* [WORK INSTRUCTIONS]:
Nothing in the data should be left out or altered when it is retyped.

* [INFORMATION SUPPLIED]:
━━━━━━━━━━

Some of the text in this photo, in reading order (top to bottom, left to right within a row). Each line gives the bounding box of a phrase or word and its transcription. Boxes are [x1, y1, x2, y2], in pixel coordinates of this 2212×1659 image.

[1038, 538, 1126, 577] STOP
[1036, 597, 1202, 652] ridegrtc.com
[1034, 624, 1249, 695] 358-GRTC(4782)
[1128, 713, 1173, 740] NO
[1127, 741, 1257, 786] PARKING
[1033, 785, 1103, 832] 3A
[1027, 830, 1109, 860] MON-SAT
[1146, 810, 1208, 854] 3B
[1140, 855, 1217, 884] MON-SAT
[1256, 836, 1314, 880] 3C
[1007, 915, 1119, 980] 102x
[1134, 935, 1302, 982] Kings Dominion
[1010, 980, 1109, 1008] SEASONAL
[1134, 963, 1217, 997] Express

━━━━━━━━━━

* [WORKED SOLUTION]:
Some of the text in this photo, in reading order (top to bottom, left to right within a row). Each line gives the bounding box of a phrase or word and its transcription. Boxes are [x1, y1, x2, y2], in pixel coordinates of this 2212×1659 image.

[1038, 538, 1126, 577] STOP
[1036, 597, 1202, 652] ridegrtc.com
[1034, 624, 1249, 695] 358-GRTC(4782)
[1128, 713, 1173, 740] NO
[1127, 741, 1257, 786] PARKING
[1033, 785, 1103, 832] 3A
[1027, 830, 1109, 860] MON-SAT
[1146, 810, 1208, 854] 3B
[1140, 855, 1217, 884] MON-SAT
[1256, 836, 1314, 880] 3C
[1007, 915, 1119, 980] 102x
[1134, 935, 1302, 982] Kings Dominion
[1010, 980, 1109, 1008] SEASONAL
[1134, 963, 1217, 997] Express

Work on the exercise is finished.